The museum had planned to display Mexican artist Teresa Margolles' work So It Vanishes, described as one of her most important works, from Saturday.
The work is an empty room filled with floating bubbles which "creates a scene of unearthly beauty, underscored with a sense of unease when one realises the water utilised has formerly been used to clean corpses".
However, after months of negotiations with Te Atiawa about its appropriateness, the museum this week decided to can the exhibition.
Dowse director Cam McCracken said that in the end it was decided the Margolles piece would sit "uncomfortably" alongside one of the museum's major treasures Nuku tewhatewha.
It is one of only seven pataka - store houses, usually for food - built around the North Island to show support for the Kingitanga movement in the 1850s.

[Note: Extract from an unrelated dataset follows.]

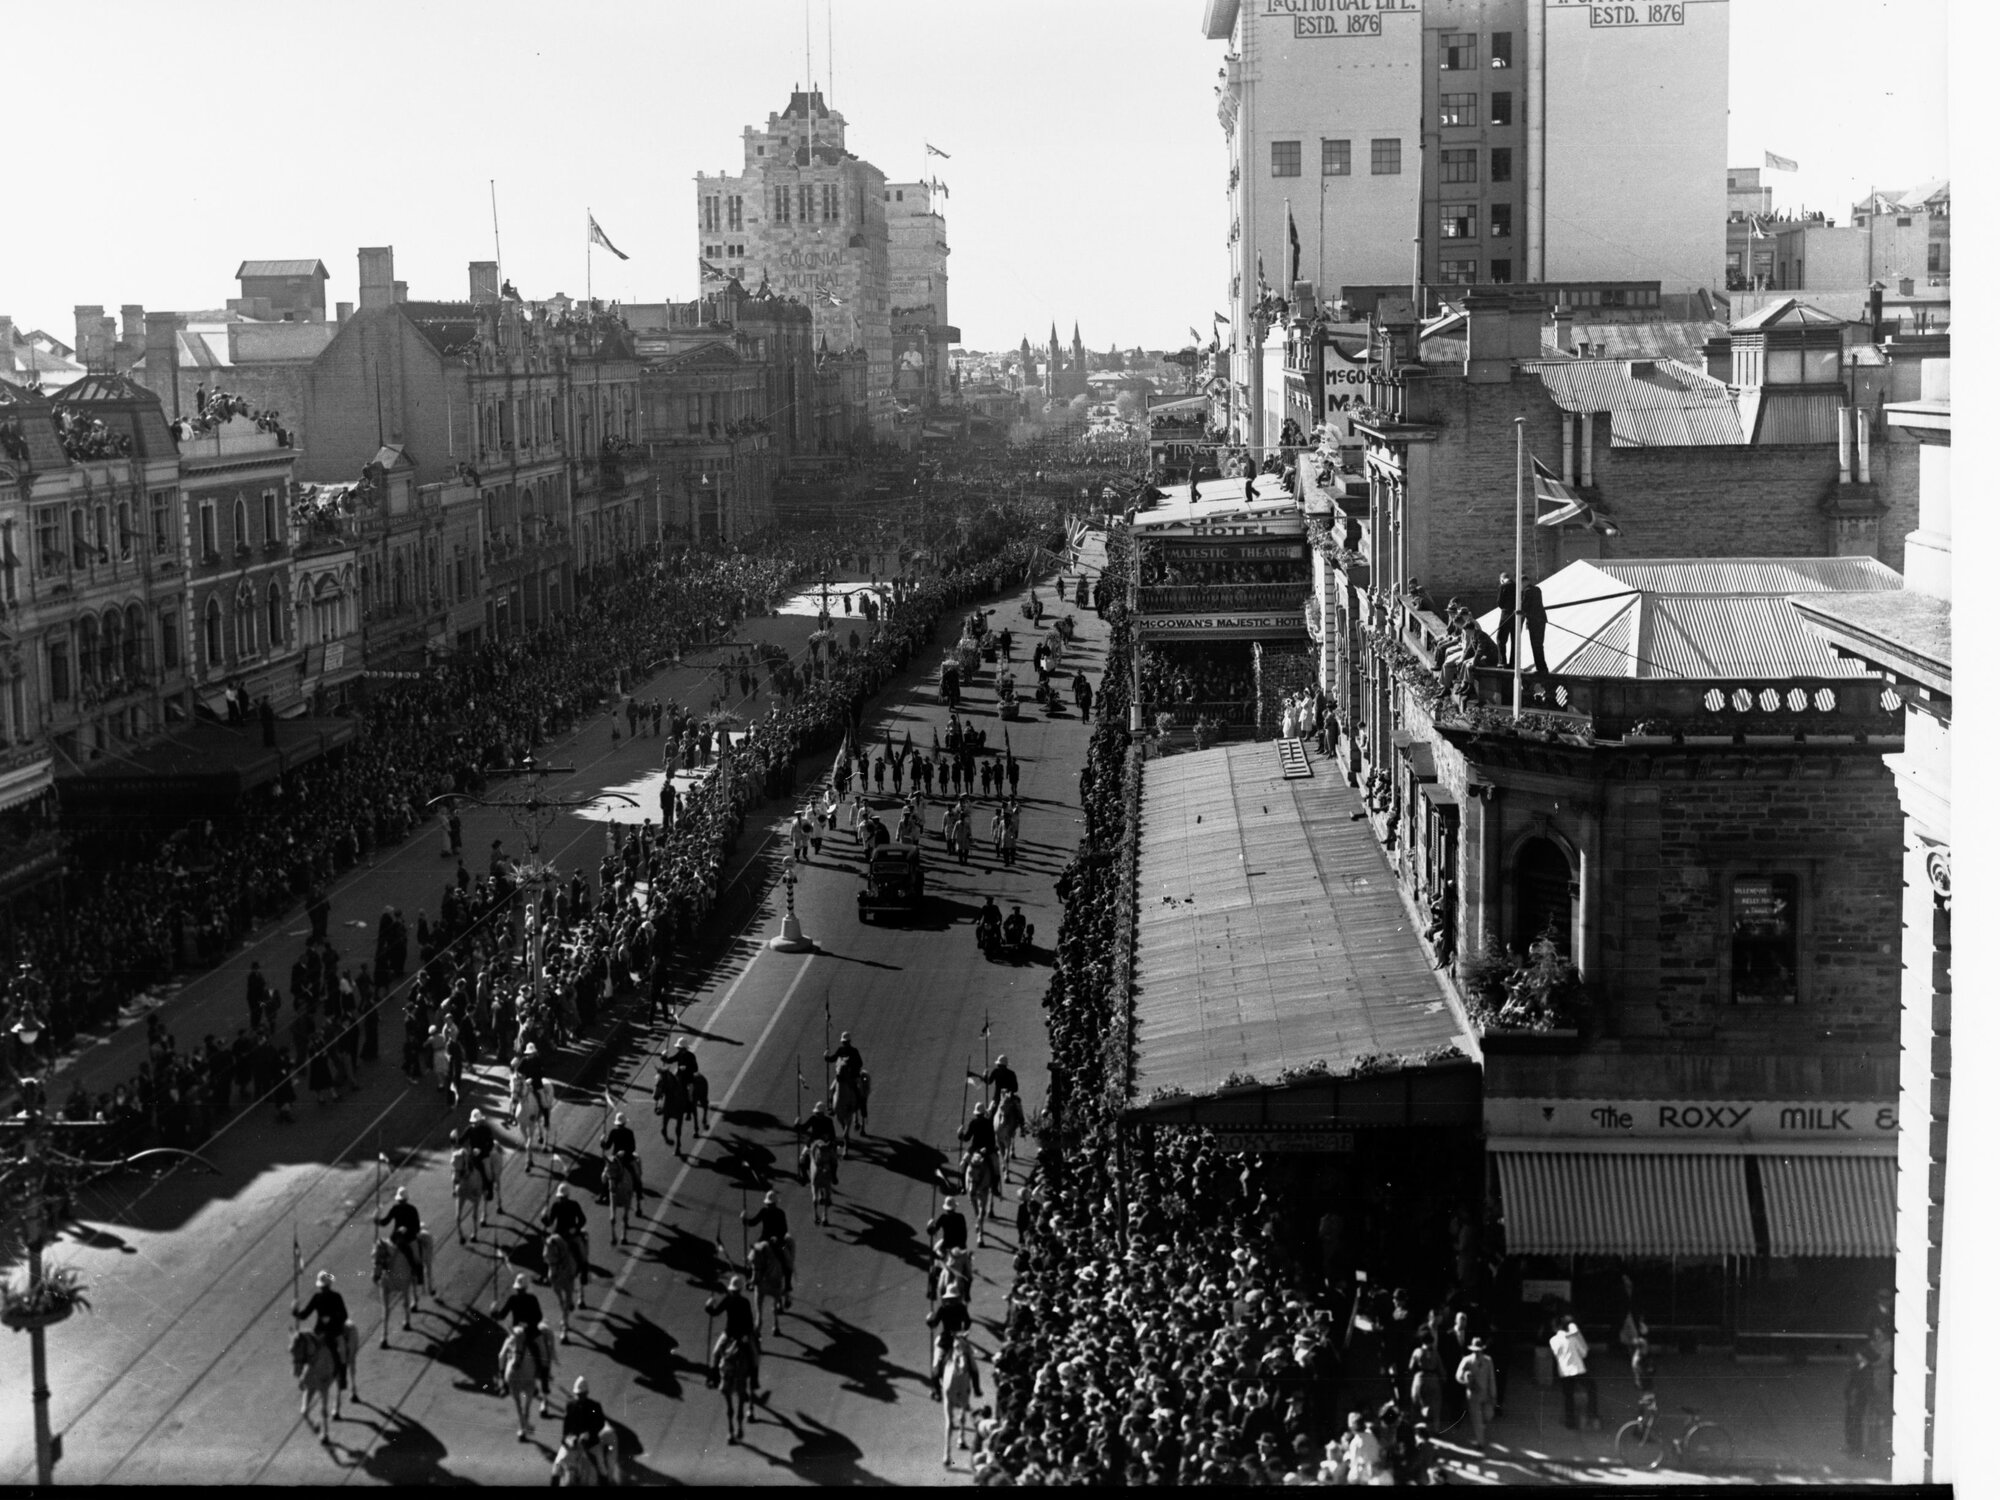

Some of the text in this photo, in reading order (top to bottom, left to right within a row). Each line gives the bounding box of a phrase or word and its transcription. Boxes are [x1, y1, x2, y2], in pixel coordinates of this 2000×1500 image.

Natural resources adviser for the Port Nicholson Block Settlement Trust, Liz Mellish, told NZ Newswire iwi could not countenance the idea of the bubbles falling on people's heads and bodies and then they would be moving on to the pataka.
"It's inviting death in, so culturally it's really, really unsafe."
She commended the museum for making the decision to cancel the exhibition.
If it had gone ahead there would have been no blessing and they would have asked for the pataka to be "put to sleep", or closed for the period.
Ms Mellish said the bubble work was not comparable with the display of items such as Egyptian mummies, as the bubbles would be touching people's heads, which are considered sacred.